Instructions for the task
Exclude the pictures and repeat all of the data exactly.

Records supplied
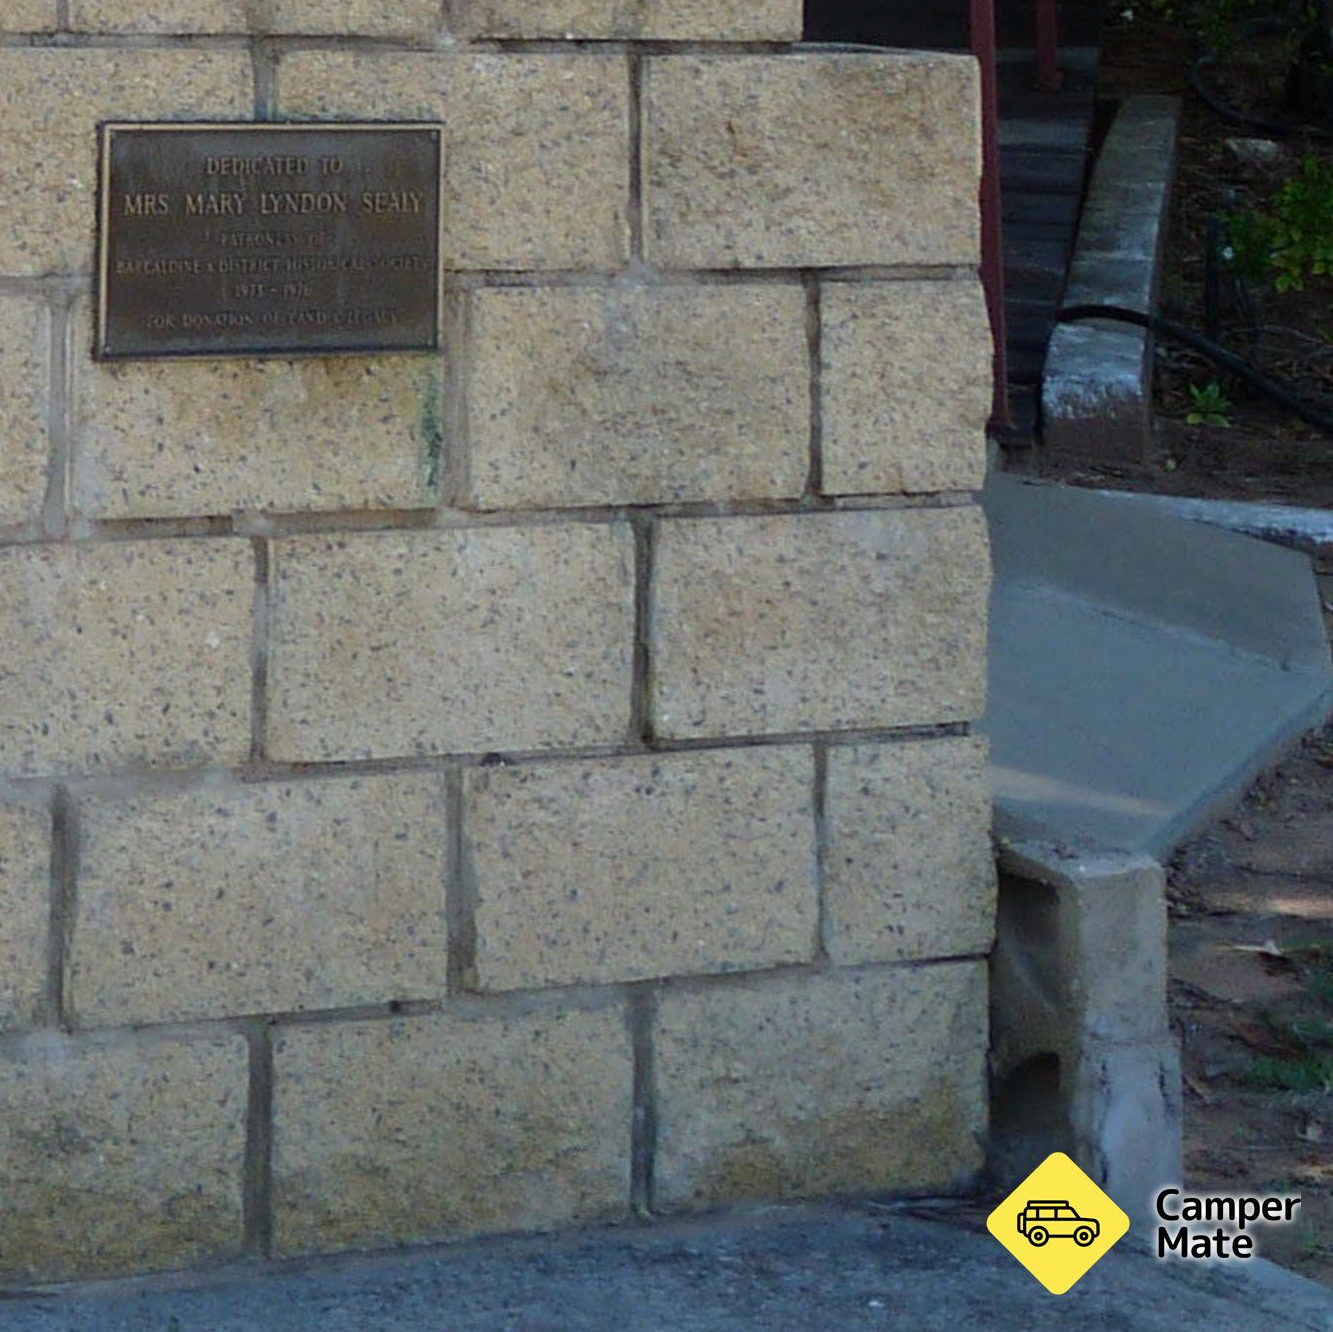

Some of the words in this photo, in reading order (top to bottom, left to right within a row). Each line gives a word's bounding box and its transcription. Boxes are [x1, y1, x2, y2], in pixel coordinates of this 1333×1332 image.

[206, 156, 308, 175] DEDICATED
[322, 156, 343, 174] TO
[123, 194, 170, 215] MRS
[185, 193, 244, 215] MARY
[260, 192, 347, 214] LYNDON
[362, 191, 424, 213] SEALY

Answer for this exercise
Some of the words in this photo, in reading order (top to bottom, left to right within a row). Each line gives a word's bounding box and its transcription. Boxes are [x1, y1, x2, y2], in pixel coordinates of this 1333×1332 image.

[206, 156, 308, 175] DEDICATED
[322, 156, 343, 174] TO
[123, 194, 170, 215] MRS
[185, 193, 244, 215] MARY
[260, 192, 347, 214] LYNDON
[362, 191, 424, 213] SEALY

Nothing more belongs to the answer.